# Aim of the task
Where an entry below contains an image, skip the image and reproduce the rest exactly.

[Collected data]

________________

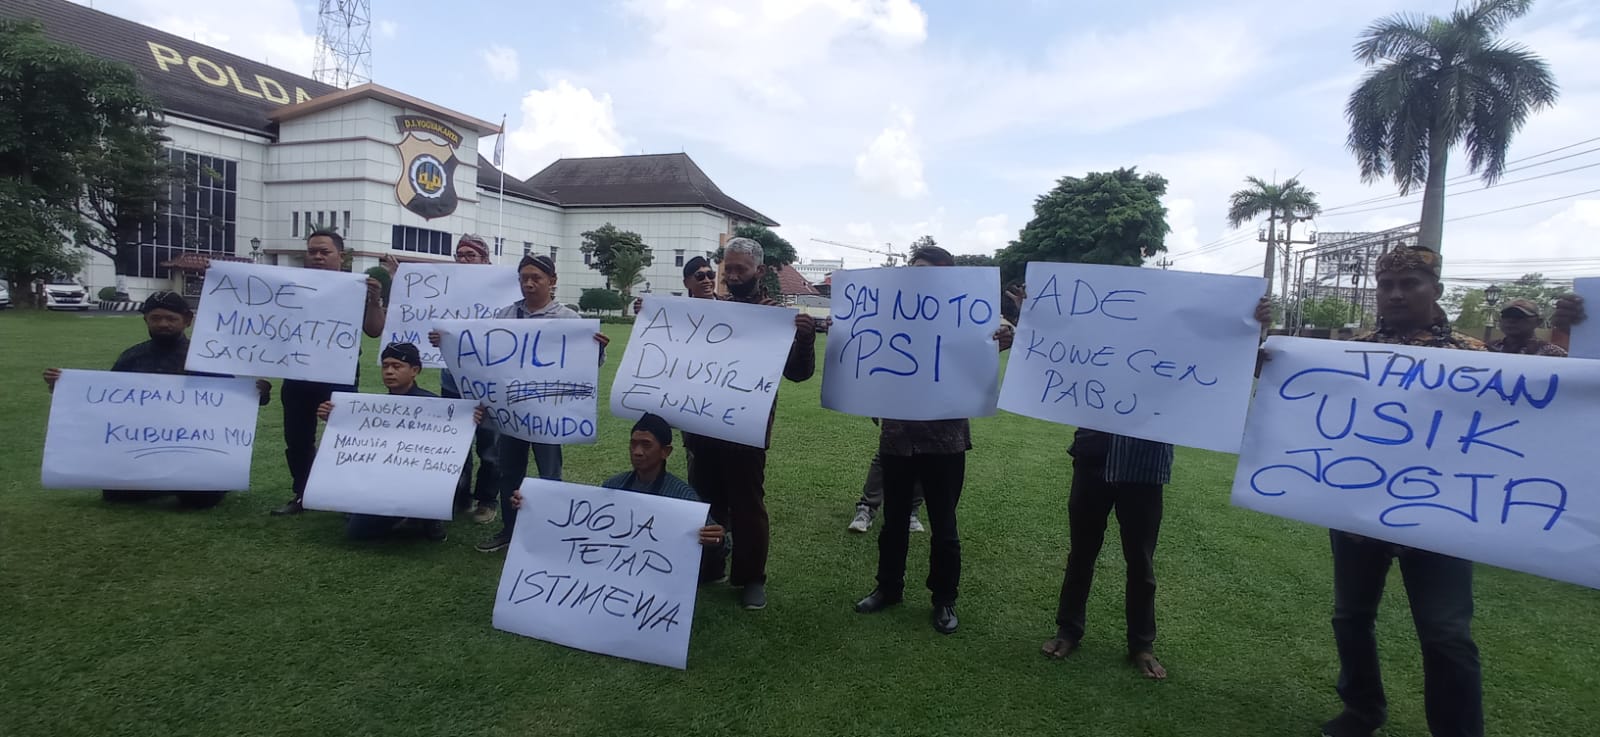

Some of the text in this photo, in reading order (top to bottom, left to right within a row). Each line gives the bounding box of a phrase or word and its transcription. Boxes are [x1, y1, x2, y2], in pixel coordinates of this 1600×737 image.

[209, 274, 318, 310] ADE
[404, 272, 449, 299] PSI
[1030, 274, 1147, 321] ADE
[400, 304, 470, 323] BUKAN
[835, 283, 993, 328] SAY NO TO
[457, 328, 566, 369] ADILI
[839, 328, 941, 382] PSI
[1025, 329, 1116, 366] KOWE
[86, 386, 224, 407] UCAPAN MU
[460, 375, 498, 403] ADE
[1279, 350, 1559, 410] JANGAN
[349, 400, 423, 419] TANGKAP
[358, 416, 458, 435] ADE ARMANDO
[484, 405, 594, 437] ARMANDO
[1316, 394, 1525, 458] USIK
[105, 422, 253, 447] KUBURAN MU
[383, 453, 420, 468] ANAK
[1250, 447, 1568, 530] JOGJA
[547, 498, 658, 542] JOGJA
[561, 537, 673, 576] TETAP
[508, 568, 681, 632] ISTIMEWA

________________

# Exercise response
Some of the text in this photo, in reading order (top to bottom, left to right within a row). Each line gives the bounding box of a phrase or word and its transcription. Boxes are [x1, y1, x2, y2], in pixel coordinates of this 1600×737 image.

[209, 274, 318, 310] ADE
[404, 272, 449, 299] PSI
[1030, 274, 1147, 321] ADE
[400, 304, 470, 323] BUKAN
[835, 283, 993, 328] SAY NO TO
[457, 328, 566, 369] ADILI
[839, 328, 941, 382] PSI
[1025, 329, 1116, 366] KOWE
[86, 386, 224, 407] UCAPAN MU
[460, 375, 498, 403] ADE
[1279, 350, 1559, 410] JANGAN
[349, 400, 423, 419] TANGKAP
[358, 416, 458, 435] ADE ARMANDO
[484, 405, 594, 437] ARMANDO
[1316, 394, 1525, 458] USIK
[105, 422, 253, 447] KUBURAN MU
[383, 453, 420, 468] ANAK
[1250, 447, 1568, 530] JOGJA
[547, 498, 658, 542] JOGJA
[561, 537, 673, 576] TETAP
[508, 568, 681, 632] ISTIMEWA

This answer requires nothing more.